The problem: Exactly as written, output each of the entries below.
*** Block opens ***
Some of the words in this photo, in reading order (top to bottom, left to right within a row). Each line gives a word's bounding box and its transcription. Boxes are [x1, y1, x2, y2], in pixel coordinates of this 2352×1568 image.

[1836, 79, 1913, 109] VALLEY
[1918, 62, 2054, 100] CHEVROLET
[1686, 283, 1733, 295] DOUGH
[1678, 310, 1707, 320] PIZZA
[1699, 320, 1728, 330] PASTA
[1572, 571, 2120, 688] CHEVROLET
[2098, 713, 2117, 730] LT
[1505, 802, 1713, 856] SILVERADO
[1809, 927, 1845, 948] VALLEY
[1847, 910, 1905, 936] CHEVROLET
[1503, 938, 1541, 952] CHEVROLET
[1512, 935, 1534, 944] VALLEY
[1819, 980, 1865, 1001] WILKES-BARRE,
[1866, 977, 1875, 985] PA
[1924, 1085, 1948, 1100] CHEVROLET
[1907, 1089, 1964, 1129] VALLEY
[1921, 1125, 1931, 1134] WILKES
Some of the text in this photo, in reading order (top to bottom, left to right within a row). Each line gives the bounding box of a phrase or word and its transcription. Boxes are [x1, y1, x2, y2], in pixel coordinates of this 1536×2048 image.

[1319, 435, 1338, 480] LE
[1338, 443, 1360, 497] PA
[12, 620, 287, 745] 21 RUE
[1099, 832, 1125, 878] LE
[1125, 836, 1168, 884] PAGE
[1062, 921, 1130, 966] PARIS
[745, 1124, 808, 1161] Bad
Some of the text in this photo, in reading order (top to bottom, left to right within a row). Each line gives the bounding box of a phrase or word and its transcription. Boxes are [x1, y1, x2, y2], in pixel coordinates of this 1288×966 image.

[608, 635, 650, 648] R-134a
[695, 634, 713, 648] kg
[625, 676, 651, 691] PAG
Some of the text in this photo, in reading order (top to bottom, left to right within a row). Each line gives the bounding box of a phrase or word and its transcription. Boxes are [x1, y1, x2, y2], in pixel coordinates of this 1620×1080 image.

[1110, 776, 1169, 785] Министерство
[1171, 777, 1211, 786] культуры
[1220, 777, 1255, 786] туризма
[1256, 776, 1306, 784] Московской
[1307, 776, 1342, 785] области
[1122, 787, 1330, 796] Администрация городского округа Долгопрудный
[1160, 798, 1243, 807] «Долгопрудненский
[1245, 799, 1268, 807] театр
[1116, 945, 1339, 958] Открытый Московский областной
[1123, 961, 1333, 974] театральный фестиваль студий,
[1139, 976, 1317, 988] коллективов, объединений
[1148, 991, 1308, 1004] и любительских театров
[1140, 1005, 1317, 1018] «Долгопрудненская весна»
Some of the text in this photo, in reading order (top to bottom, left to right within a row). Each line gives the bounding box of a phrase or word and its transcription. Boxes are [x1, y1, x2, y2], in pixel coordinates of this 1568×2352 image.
*** Block closes ***
Your response:
Some of the words in this photo, in reading order (top to bottom, left to right within a row). Each line gives a word's bounding box and its transcription. Boxes are [x1, y1, x2, y2], in pixel coordinates of this 2352×1568 image.

[1836, 79, 1913, 109] VALLEY
[1918, 62, 2054, 100] CHEVROLET
[1686, 283, 1733, 295] DOUGH
[1678, 310, 1707, 320] PIZZA
[1699, 320, 1728, 330] PASTA
[1572, 571, 2120, 688] CHEVROLET
[2098, 713, 2117, 730] LT
[1505, 802, 1713, 856] SILVERADO
[1809, 927, 1845, 948] VALLEY
[1847, 910, 1905, 936] CHEVROLET
[1503, 938, 1541, 952] CHEVROLET
[1512, 935, 1534, 944] VALLEY
[1819, 980, 1865, 1001] WILKES-BARRE,
[1866, 977, 1875, 985] PA
[1924, 1085, 1948, 1100] CHEVROLET
[1907, 1089, 1964, 1129] VALLEY
[1921, 1125, 1931, 1134] WILKES
Some of the text in this photo, in reading order (top to bottom, left to right within a row). Each line gives the bounding box of a phrase or word and its transcription. Boxes are [x1, y1, x2, y2], in pixel coordinates of this 1536×2048 image.

[1319, 435, 1338, 480] LE
[1338, 443, 1360, 497] PA
[12, 620, 287, 745] 21 RUE
[1099, 832, 1125, 878] LE
[1125, 836, 1168, 884] PAGE
[1062, 921, 1130, 966] PARIS
[745, 1124, 808, 1161] Bad
Some of the text in this photo, in reading order (top to bottom, left to right within a row). Each line gives the bounding box of a phrase or word and its transcription. Boxes are [x1, y1, x2, y2], in pixel coordinates of this 1288×966 image.

[608, 635, 650, 648] R-134a
[695, 634, 713, 648] kg
[625, 676, 651, 691] PAG
Some of the text in this photo, in reading order (top to bottom, left to right within a row). Each line gives the bounding box of a phrase or word and its transcription. Boxes are [x1, y1, x2, y2], in pixel coordinates of this 1620×1080 image.

[1110, 776, 1169, 785] Министерство
[1171, 777, 1211, 786] культуры
[1220, 777, 1255, 786] туризма
[1256, 776, 1306, 784] Московской
[1307, 776, 1342, 785] области
[1122, 787, 1330, 796] Администрация городского округа Долгопрудный
[1160, 798, 1243, 807] «Долгопрудненский
[1245, 799, 1268, 807] театр
[1116, 945, 1339, 958] Открытый Московский областной
[1123, 961, 1333, 974] театральный фестиваль студий,
[1139, 976, 1317, 988] коллективов, объединений
[1148, 991, 1308, 1004] и любительских театров
[1140, 1005, 1317, 1018] «Долгопрудненская весна»
Some of the text in this photo, in reading order (top to bottom, left to right within a row). Each line gives the bounding box of a phrase or word and its transcription. Boxes are [x1, y1, x2, y2], in pixel coordinates of this 1568×2352 image.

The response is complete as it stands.